VitalHub’s stock reached a high of $3.77 in Monday trading on the TSX Venture Exchange and closed up 8 per cent to $3.60. The shares have risen by more than 25 per cent over the past month and about 140 per cent over the last year.
The company’s technology, which includes electronic health records and software to help organize and manage patient care, is used by hospitals, health authorities, long-term care home and social services organizations in Canada, the U.S., the UK, Australia, Qatar and Latvia.
Cormark Securities analyst Gavin Fairweather, who has a “buy” on the stock and increased his target price to $5.25 from $5 on Monday, said the company has been growing both through acquisitions and from existing revenues. The company has also been increasing profits, a trend he expects to continue.
“As the company has grown organically and completed M&A [mergers and acquisitions], EBITDA [earnings before interest, taxes, depreciation and amortization] margins have increased to 16 per cent in [the first quarter] and we expect them to rise to 20 per cent in the coming quarters and 25 to 30 per cent longer term,” he said.
In a note, Mr. Fairweather said the company is seeking to achieve ‘Rule of 40’ status — a metric used to measure the performance of software-as-a service companies that says its growth rate and profit margin should add up to 40 per cent or more — through 20 per cent EBITDA margins and 20 per cent organic growth.
“With the stock trading at 3.6 times 2022 sales versus peers at 7.2 times, we expect a material rerating on continued execution,” he wrote.
Paradigm Captial analyst Daniel Rosenberg has a “buy” on the stock and increased his target to $4.25 from $4.15, calling it a “compelling investment opportunity in a very attractive space.”
In a note published on Monday, Mr. Rosenberg said the digitization of health care is a big theme in the sector and VitalHub’s focus on using software to exchange and make use of information tackles “one of the major pain points of health care systems” around the world.
“VHI’s proven solutions to enhance visibility, connectivity and optimize patient flow have only just started to make inroads in the markets it serves,” he wrote. VHI is the company’s ticker symbol.
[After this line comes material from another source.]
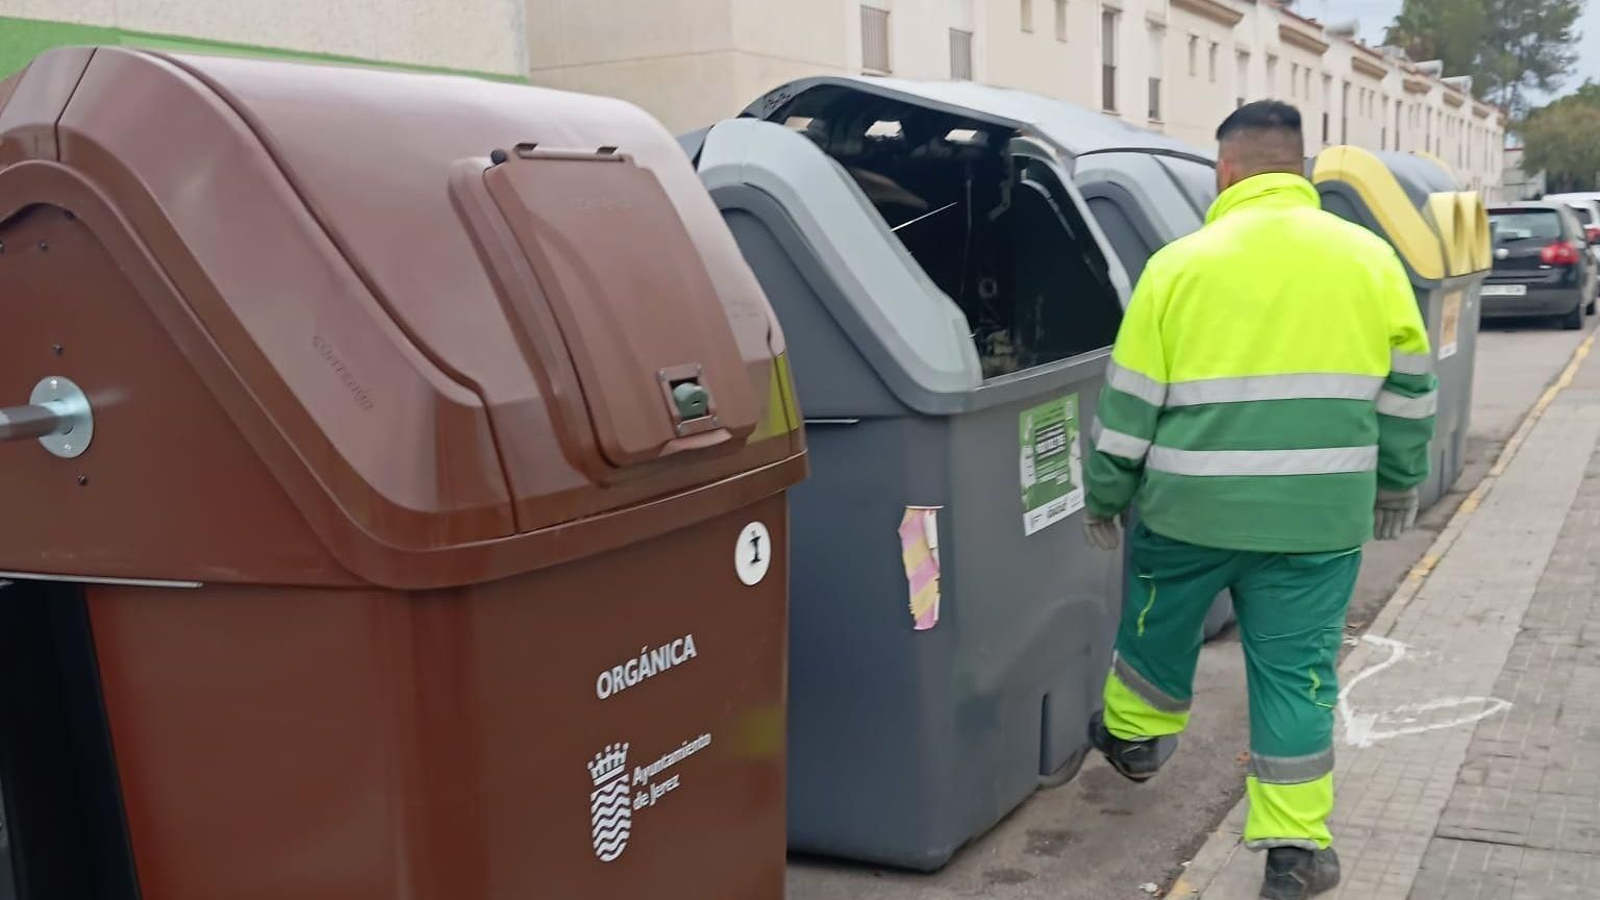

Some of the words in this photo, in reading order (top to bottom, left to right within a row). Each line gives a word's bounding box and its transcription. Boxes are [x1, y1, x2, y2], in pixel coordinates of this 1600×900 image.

[596, 633, 698, 700] ORGÁNICA
[632, 732, 711, 787] Ayuntamiento
[633, 792, 650, 811] de
[650, 773, 681, 806] Jerez
“We believe the company’s strategy of focusing on community health and regional care providers is the right one. It is the path of least resistance toward affecting change in an industry that is traditionally very slow-moving and difficult to penetrate. It also avoids much of the largest competition.”
Mr. Rosenberg also said the company’s “very robust balance sheet” puts it in a good position to continue making acquisitions.
“We believe VHI’s traction in a leading sector, attractive financial profile and valuation discount make the company a very compelling investment opportunity,” he wrote.
Canaccord Genuity analyst Doug Taylor increased his target to $4.25 from $4 and kept his “buy” recommendation after the earnings report.
“While still at [a] relatively small scale, we believe VitalHub offers investors a combination of organic growth, profitability, and a well-defined, prudently managed M&A program,” he wrote in a May 28 note, adding: “We see upside to our forecasts based on the company continuing to execute organically or deploying additional capital on M&A.”